Task to carry out: All of the data must be output exactly, with every picture left out.

The data:

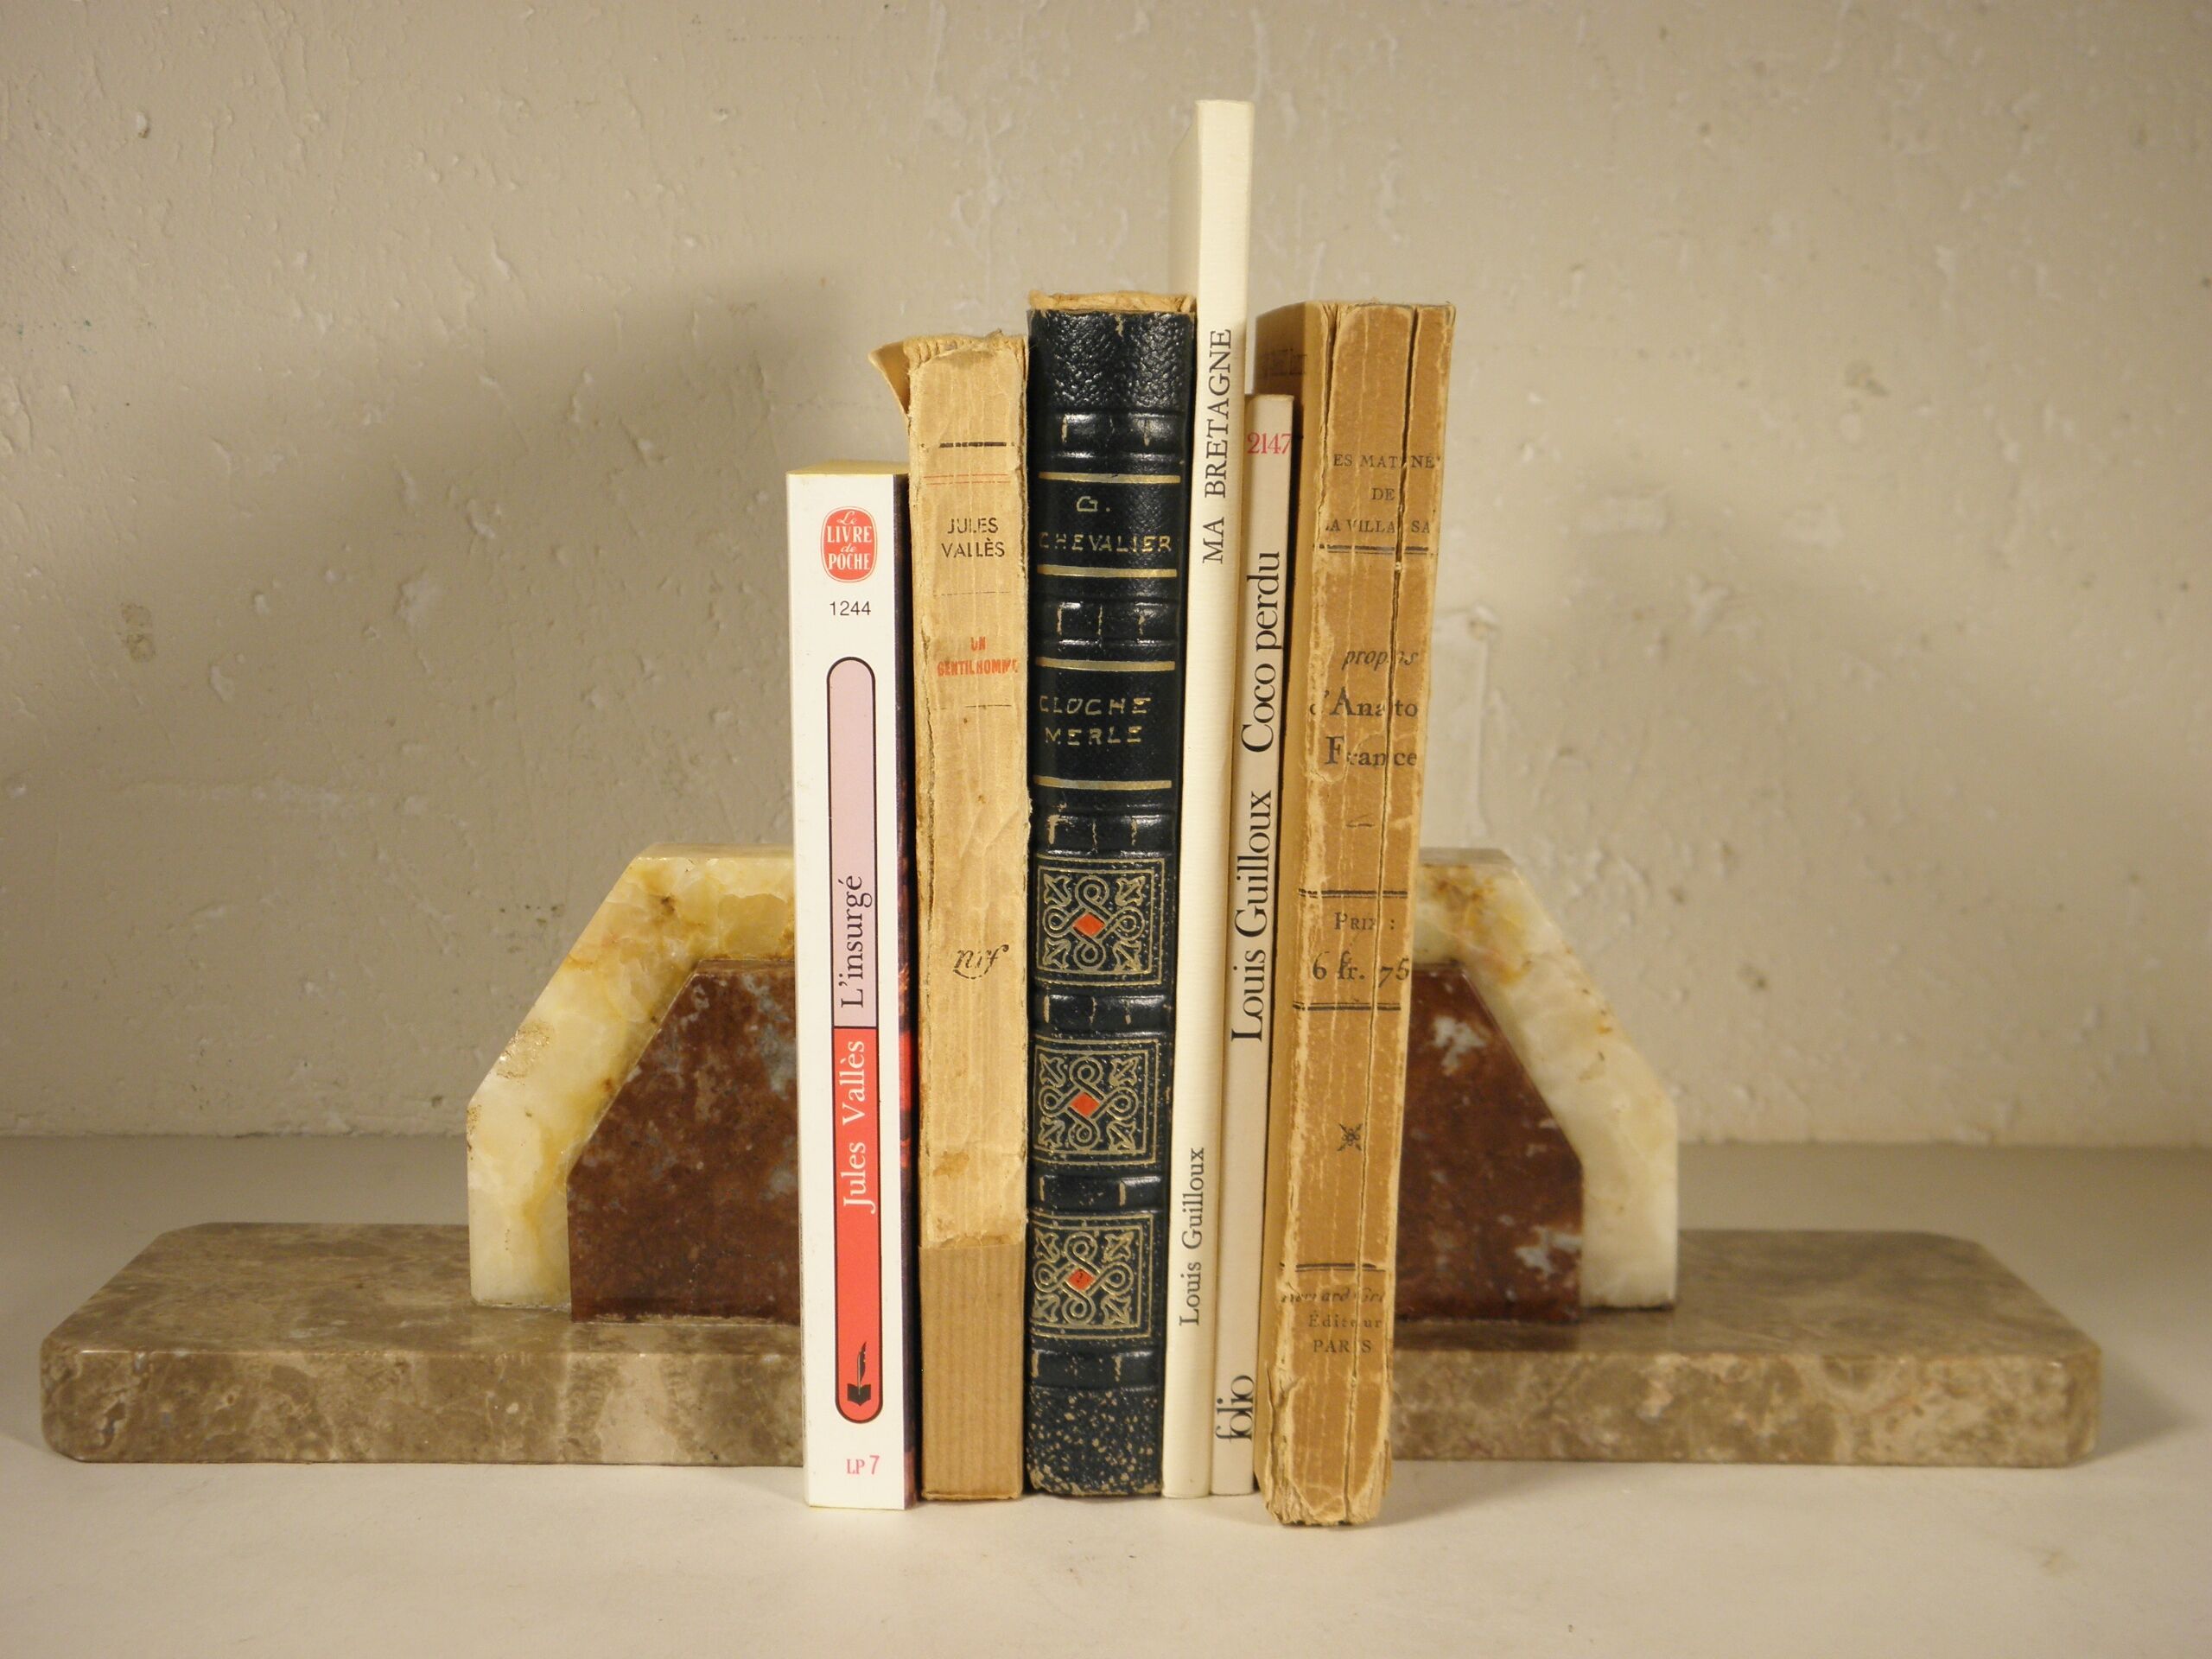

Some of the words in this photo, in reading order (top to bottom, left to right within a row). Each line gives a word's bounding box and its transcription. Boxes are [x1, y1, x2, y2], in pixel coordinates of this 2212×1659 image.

[1205, 329, 1232, 498] BRETAGNE
[1247, 432, 1293, 454] 2147
[1371, 487, 1395, 500] DE
[836, 511, 856, 525] Le
[947, 518, 998, 534] JULES
[827, 525, 872, 543] LIVRE
[1039, 532, 1172, 553] CHEVALIER
[1203, 518, 1224, 563] MA
[840, 544, 856, 553] de
[942, 537, 1005, 557] VALLÈS
[828, 553, 870, 570] POCHE
[830, 601, 871, 615] 1244
[1246, 551, 1282, 652] perdu
[970, 637, 986, 651] UN
[1039, 696, 1151, 715] CLOCHE
[1241, 663, 1276, 753] Coco
[1045, 726, 1142, 746] MERLE
[1234, 790, 1272, 938] Guilloux
[838, 875, 873, 1008] L'insurgé
[1313, 951, 1330, 980] 6
[1338, 950, 1365, 980] fr.
[1378, 957, 1409, 988] 75
[1230, 949, 1266, 1042] Louis
[840, 1041, 865, 1125] Vallès
[841, 1142, 875, 1215] Jules
[1182, 1147, 1205, 1250] Guilloux
[1179, 1262, 1201, 1326] Louis
[1313, 1340, 1372, 1353] PARS
[1216, 1375, 1255, 1441] folio
[847, 1459, 865, 1474] LP
[869, 1455, 880, 1474] 7

Task result:
Some of the words in this photo, in reading order (top to bottom, left to right within a row). Each line gives a word's bounding box and its transcription. Boxes are [x1, y1, x2, y2], in pixel coordinates of this 2212×1659 image.

[1205, 329, 1232, 498] BRETAGNE
[1247, 432, 1293, 454] 2147
[1371, 487, 1395, 500] DE
[836, 511, 856, 525] Le
[947, 518, 998, 534] JULES
[827, 525, 872, 543] LIVRE
[1039, 532, 1172, 553] CHEVALIER
[1203, 518, 1224, 563] MA
[840, 544, 856, 553] de
[942, 537, 1005, 557] VALLÈS
[828, 553, 870, 570] POCHE
[830, 601, 871, 615] 1244
[1246, 551, 1282, 652] perdu
[970, 637, 986, 651] UN
[1039, 696, 1151, 715] CLOCHE
[1241, 663, 1276, 753] Coco
[1045, 726, 1142, 746] MERLE
[1234, 790, 1272, 938] Guilloux
[838, 875, 873, 1008] L'insurgé
[1313, 951, 1330, 980] 6
[1338, 950, 1365, 980] fr.
[1378, 957, 1409, 988] 75
[1230, 949, 1266, 1042] Louis
[840, 1041, 865, 1125] Vallès
[841, 1142, 875, 1215] Jules
[1182, 1147, 1205, 1250] Guilloux
[1179, 1262, 1201, 1326] Louis
[1313, 1340, 1372, 1353] PARS
[1216, 1375, 1255, 1441] folio
[847, 1459, 865, 1474] LP
[869, 1455, 880, 1474] 7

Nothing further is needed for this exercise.